======== RECORDS SUPPLIED

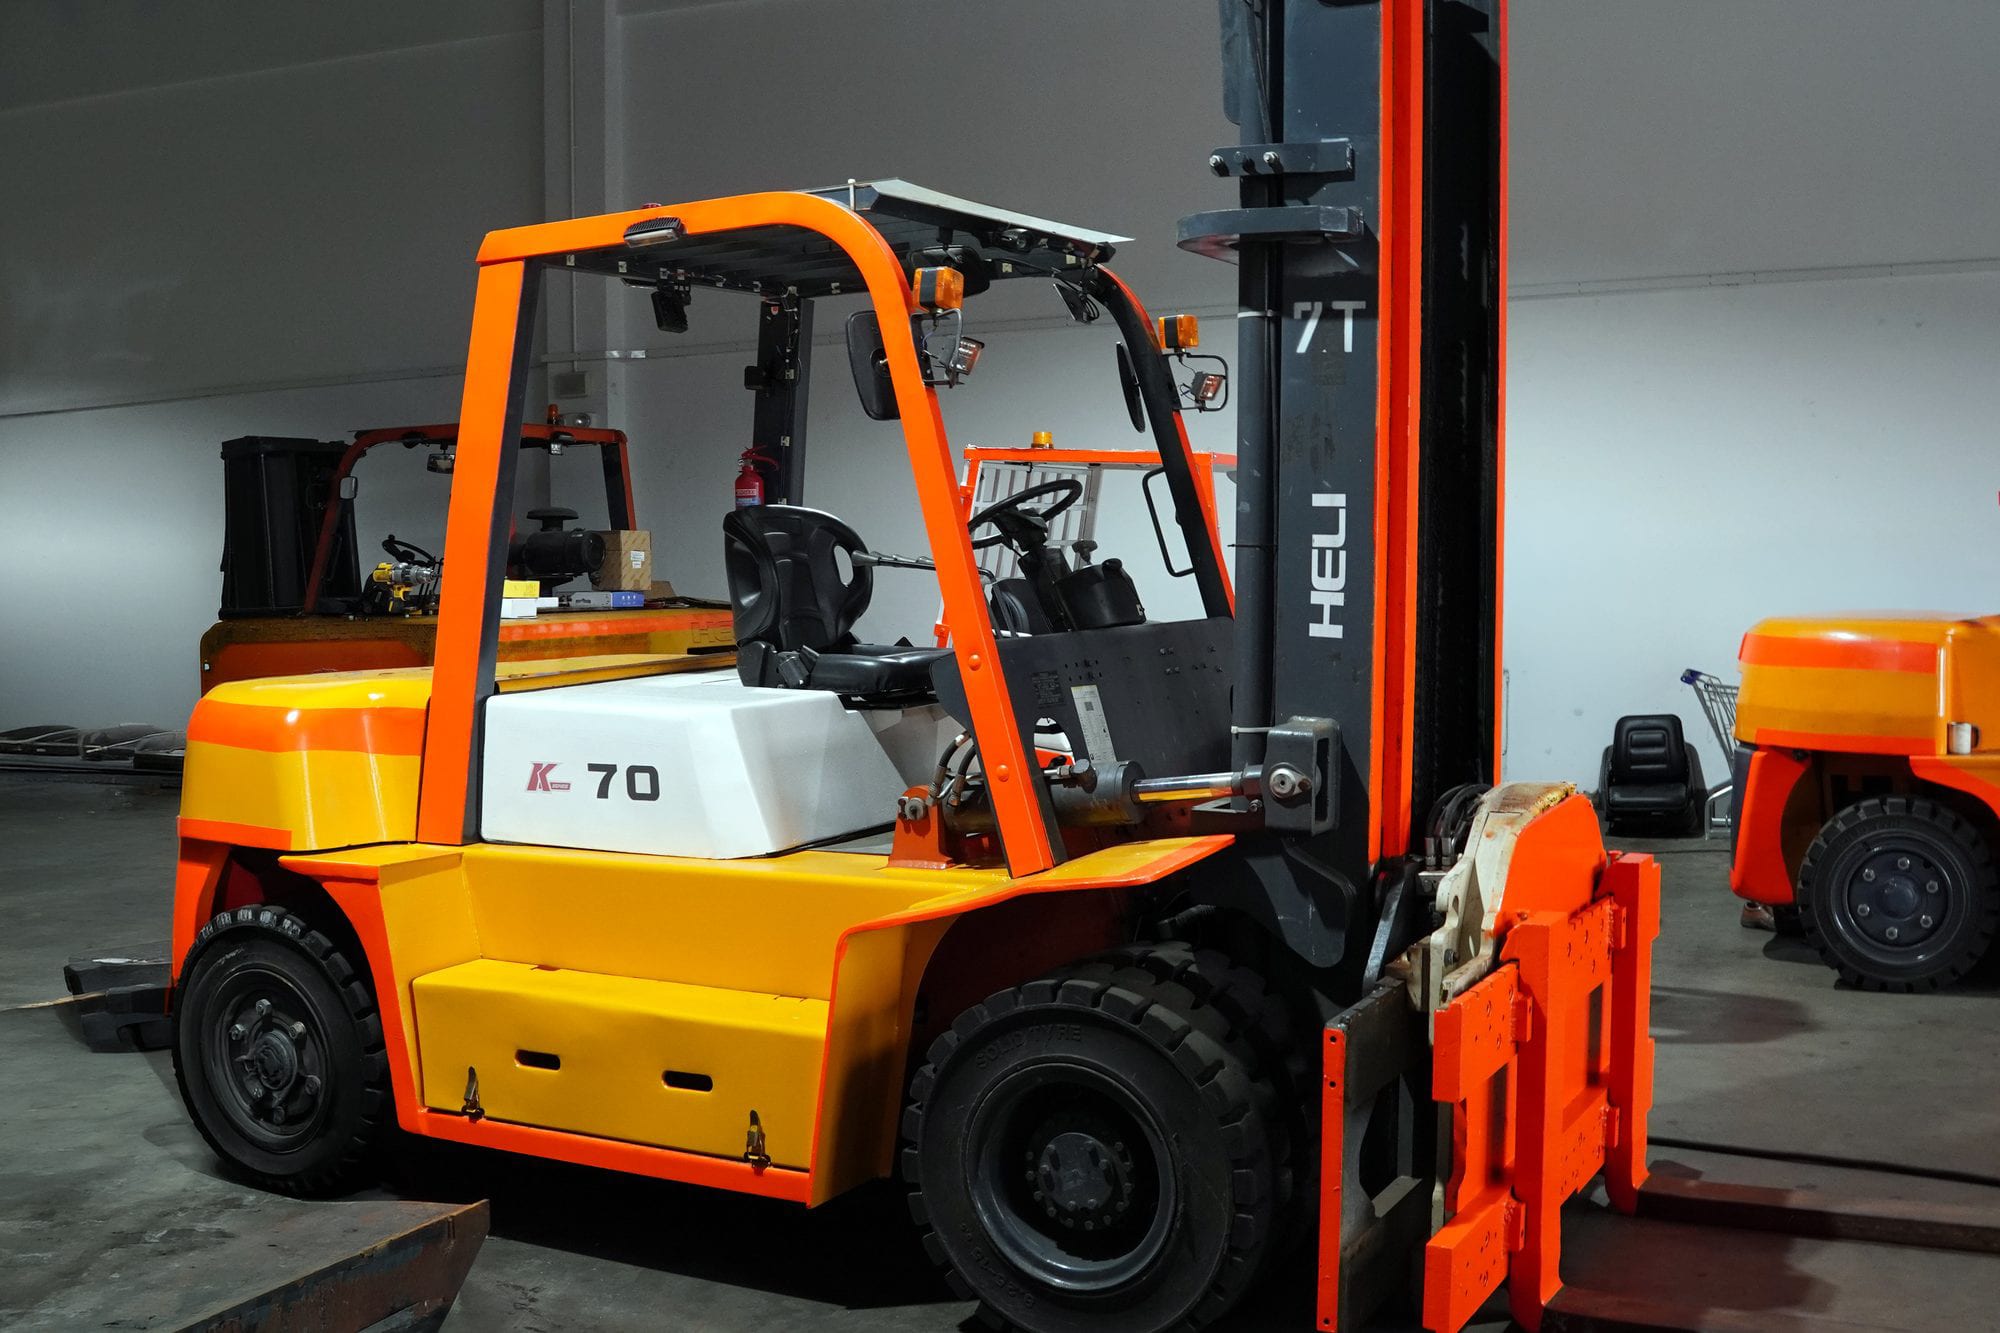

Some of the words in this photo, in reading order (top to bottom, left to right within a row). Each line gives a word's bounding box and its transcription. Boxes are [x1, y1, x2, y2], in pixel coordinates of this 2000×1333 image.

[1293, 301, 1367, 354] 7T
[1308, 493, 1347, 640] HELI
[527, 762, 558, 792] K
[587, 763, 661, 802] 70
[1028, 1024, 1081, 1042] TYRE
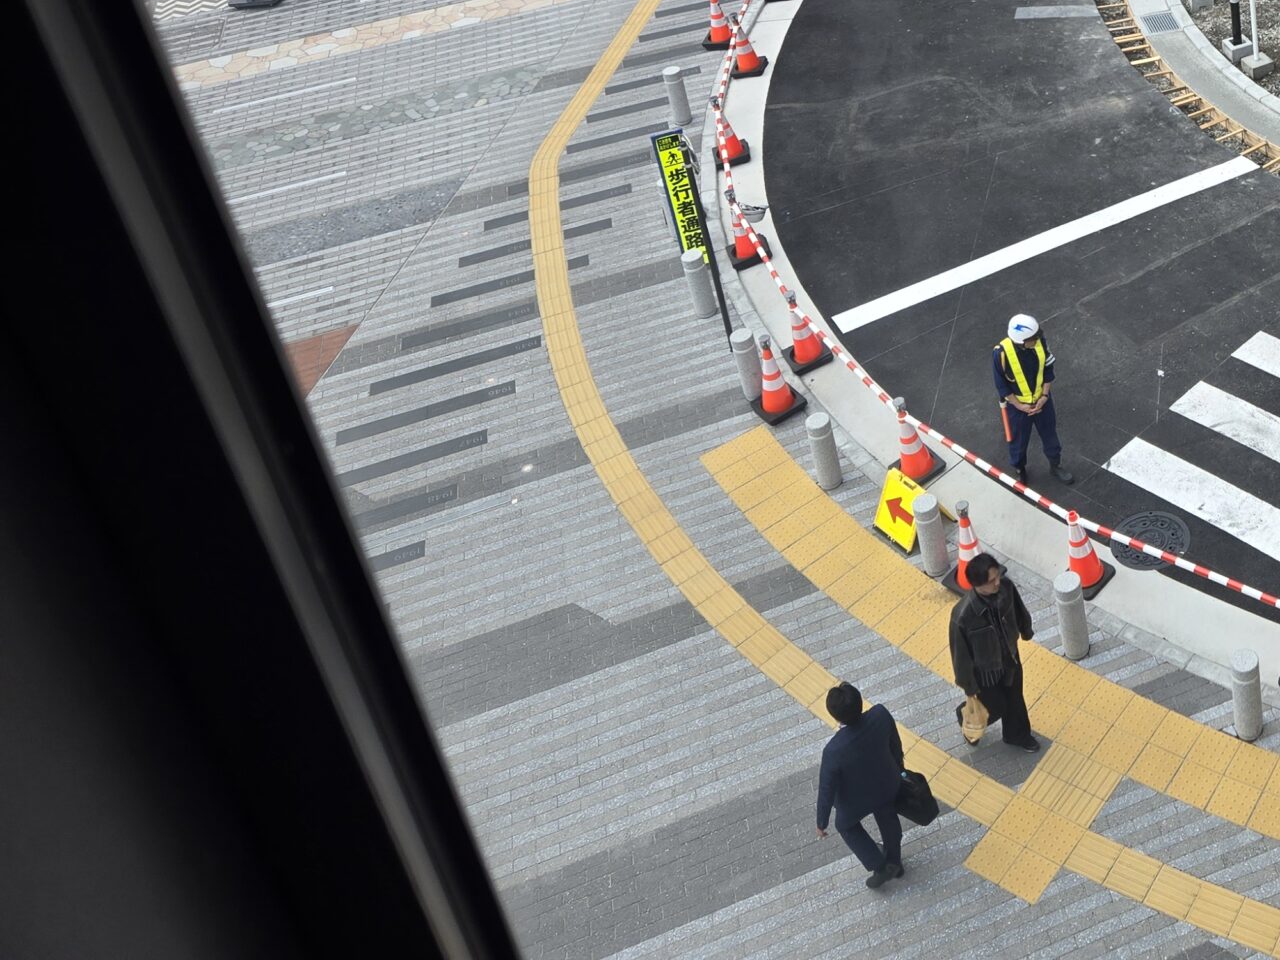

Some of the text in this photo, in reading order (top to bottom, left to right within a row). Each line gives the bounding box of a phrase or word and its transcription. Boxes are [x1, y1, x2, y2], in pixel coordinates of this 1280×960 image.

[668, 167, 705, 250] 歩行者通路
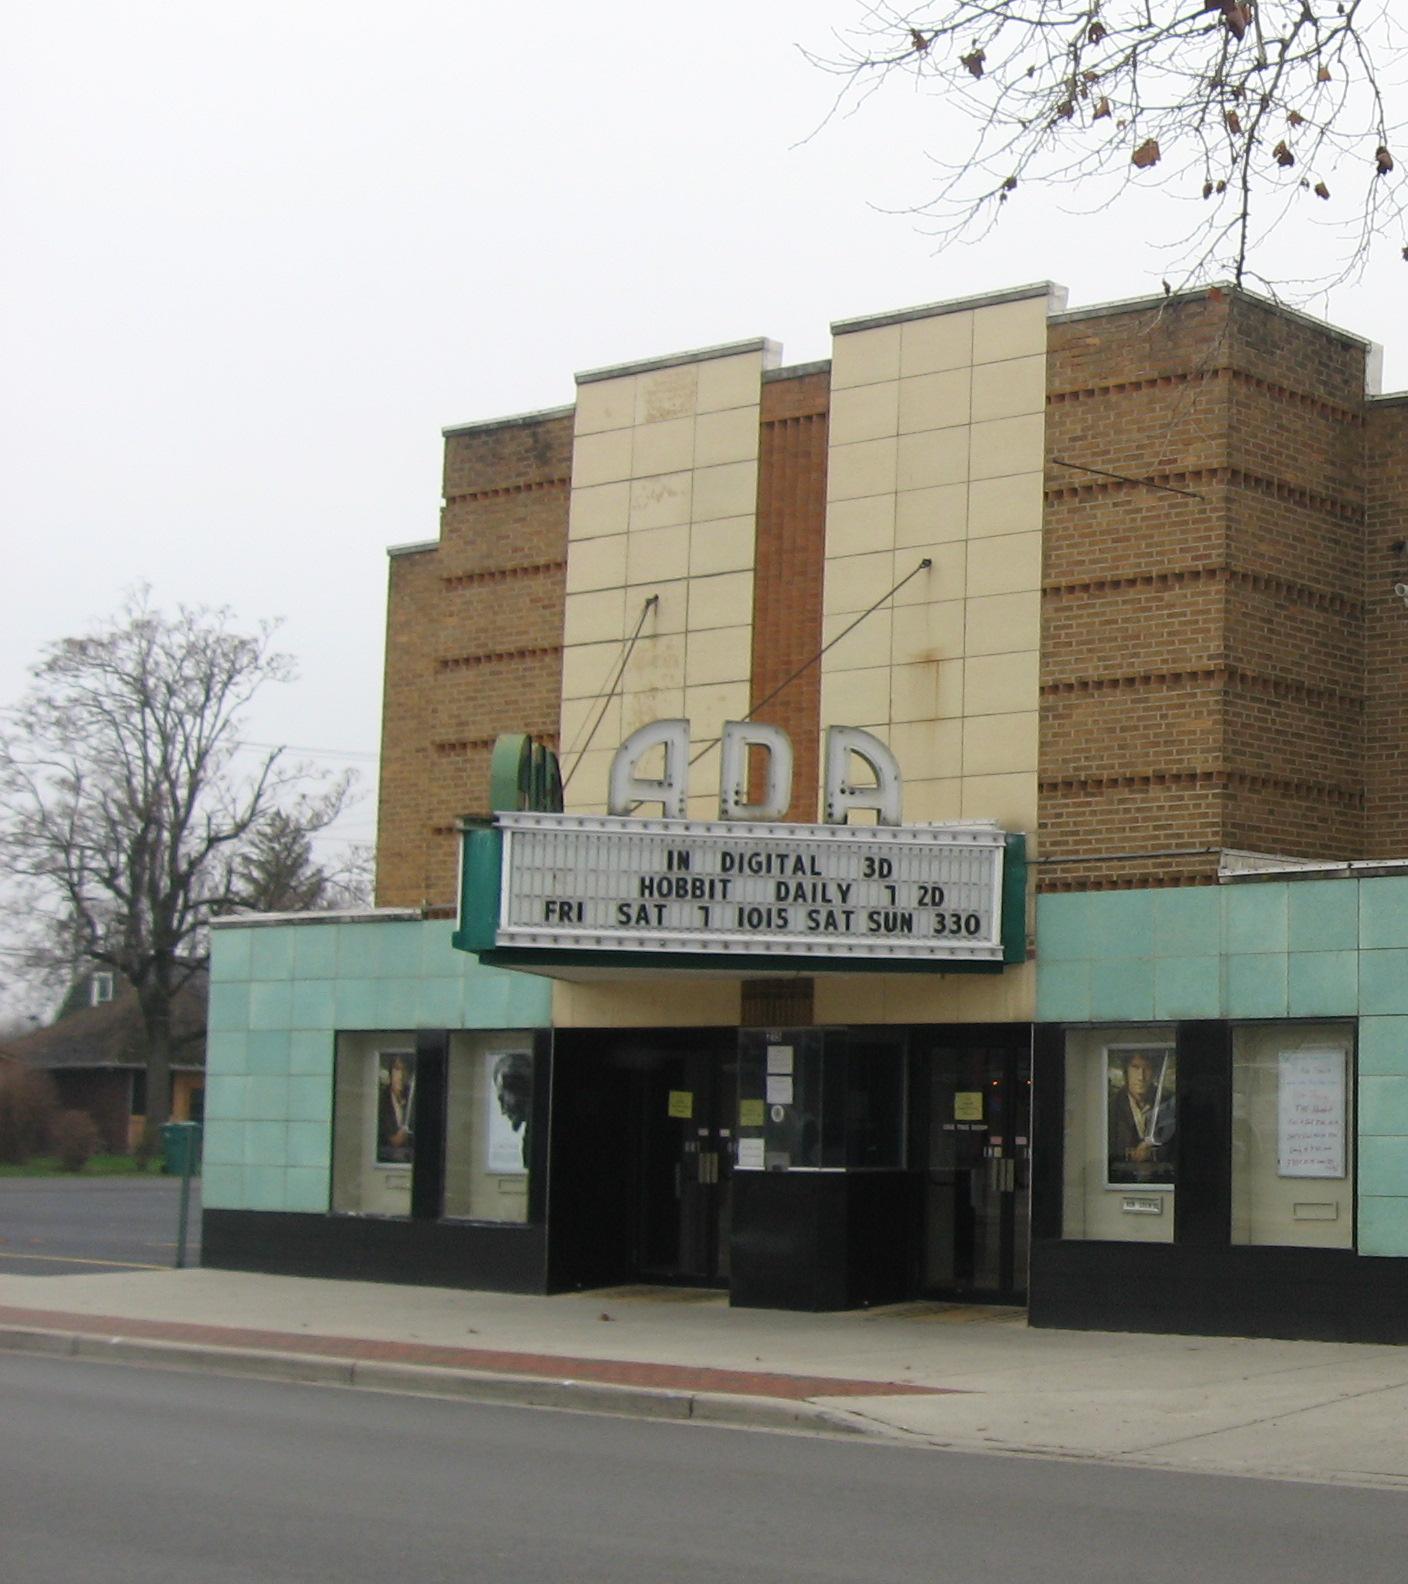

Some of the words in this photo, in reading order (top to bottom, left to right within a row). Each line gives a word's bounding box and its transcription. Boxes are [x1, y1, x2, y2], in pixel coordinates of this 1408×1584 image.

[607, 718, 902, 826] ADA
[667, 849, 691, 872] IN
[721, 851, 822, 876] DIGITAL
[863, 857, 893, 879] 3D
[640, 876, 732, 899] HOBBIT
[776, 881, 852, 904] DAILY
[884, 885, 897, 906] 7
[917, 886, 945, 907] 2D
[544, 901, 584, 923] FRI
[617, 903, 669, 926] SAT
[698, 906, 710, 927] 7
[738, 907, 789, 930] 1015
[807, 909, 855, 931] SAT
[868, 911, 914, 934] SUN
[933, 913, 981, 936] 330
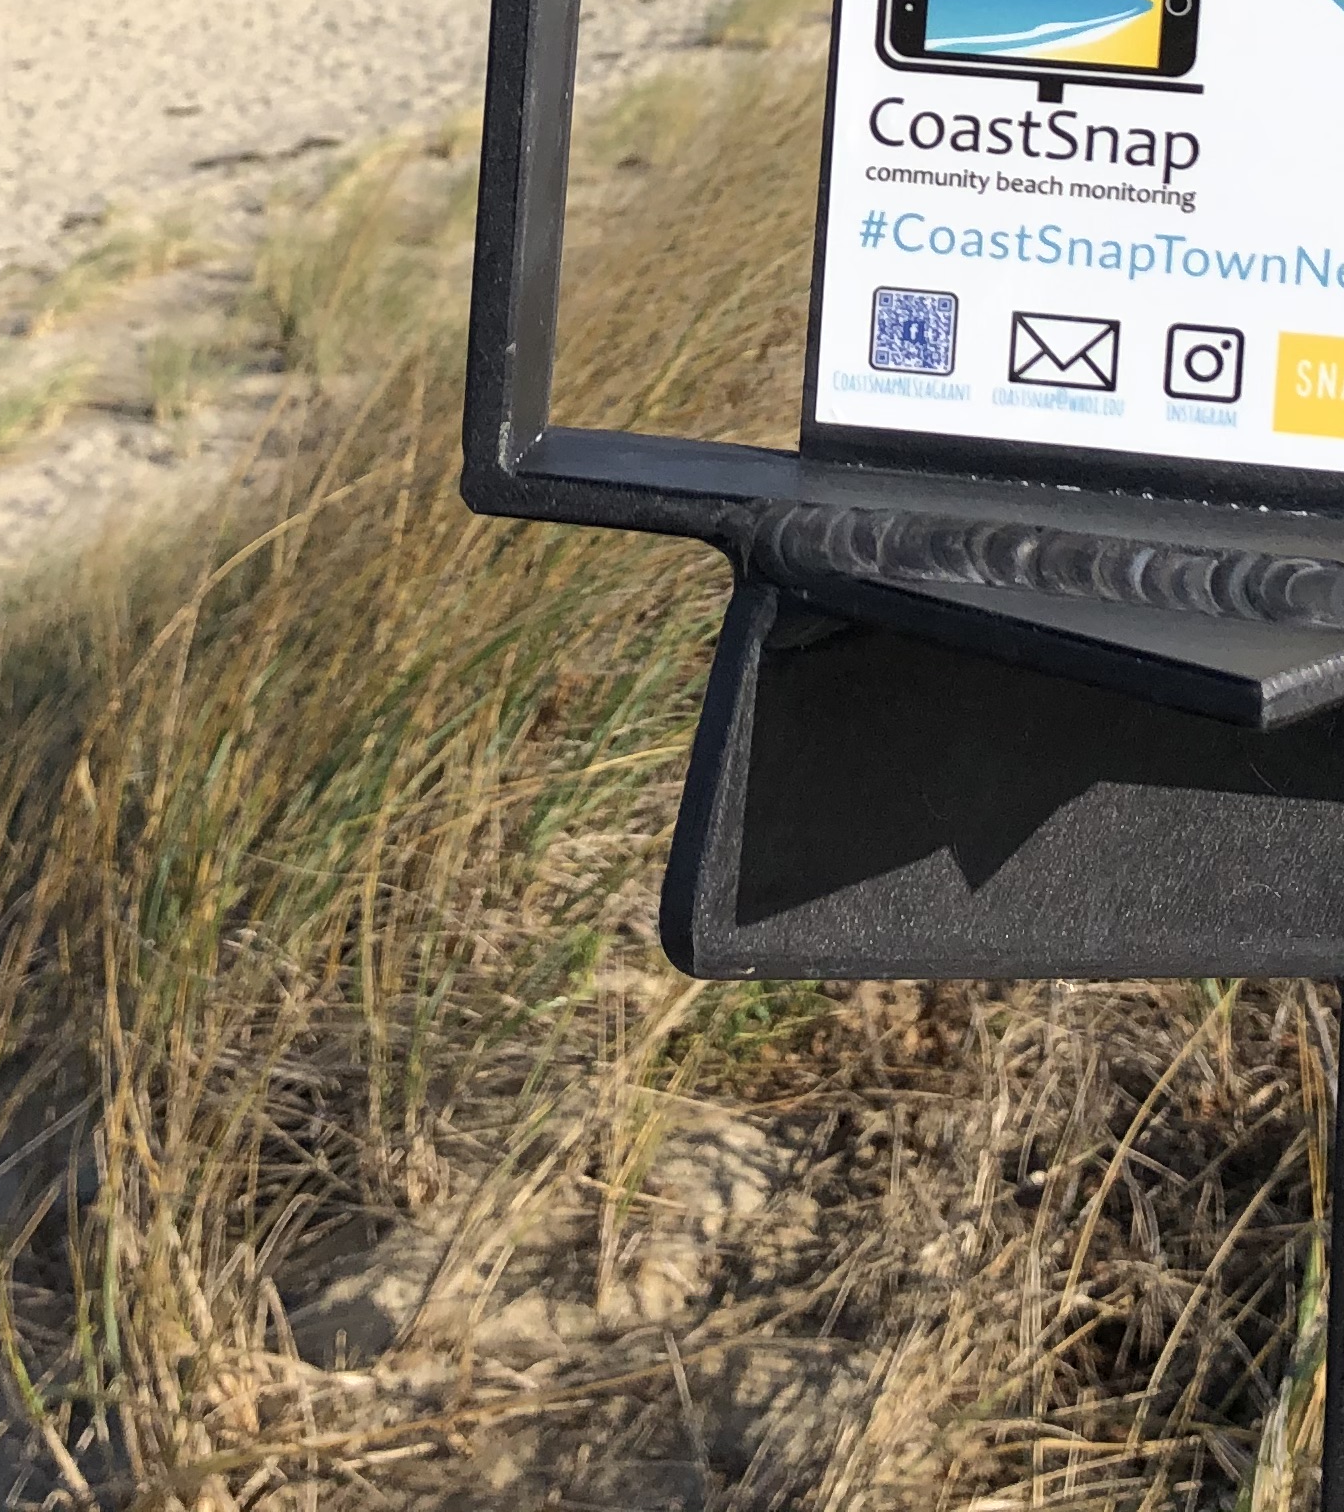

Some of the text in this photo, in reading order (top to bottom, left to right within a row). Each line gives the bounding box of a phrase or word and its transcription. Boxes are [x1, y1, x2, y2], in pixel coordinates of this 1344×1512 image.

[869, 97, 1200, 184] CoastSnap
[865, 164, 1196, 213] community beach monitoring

================

EXERCISE: Reproduce the data above word for word and omit the images.

ANSWER SPACE:
Some of the words in this photo, in reading order (top to bottom, left to right within a row). Each line gives a word's bounding box and its transcription. Boxes are [x1, y1, x2, y2], in pixel coordinates of this 2000×1333 image.

[1293, 301, 1367, 354] 7T
[1308, 493, 1347, 640] HELI
[527, 762, 558, 792] K
[587, 763, 661, 802] 70
[1028, 1024, 1081, 1042] TYRE

Some of the text in this photo, in reading order (top to bottom, left to right within a row). Each line gives the bounding box of a phrase or word and its transcription. Boxes are [x1, y1, x2, y2], in pixel coordinates of this 1280×960 image.

[668, 167, 705, 250] 歩行者通路

Some of the words in this photo, in reading order (top to bottom, left to right within a row). Each line gives a word's bounding box and its transcription. Boxes are [x1, y1, x2, y2], in pixel coordinates of this 1408×1584 image.

[607, 718, 902, 826] ADA
[667, 849, 691, 872] IN
[721, 851, 822, 876] DIGITAL
[863, 857, 893, 879] 3D
[640, 876, 732, 899] HOBBIT
[776, 881, 852, 904] DAILY
[884, 885, 897, 906] 7
[917, 886, 945, 907] 2D
[544, 901, 584, 923] FRI
[617, 903, 669, 926] SAT
[698, 906, 710, 927] 7
[738, 907, 789, 930] 1015
[807, 909, 855, 931] SAT
[868, 911, 914, 934] SUN
[933, 913, 981, 936] 330

Some of the text in this photo, in reading order (top to bottom, left to right within a row). Each line gives the bounding box of a phrase or word and its transcription. Boxes are [x1, y1, x2, y2], in pixel coordinates of this 1344×1512 image.

[869, 97, 1200, 184] CoastSnap
[865, 164, 1196, 213] community beach monitoring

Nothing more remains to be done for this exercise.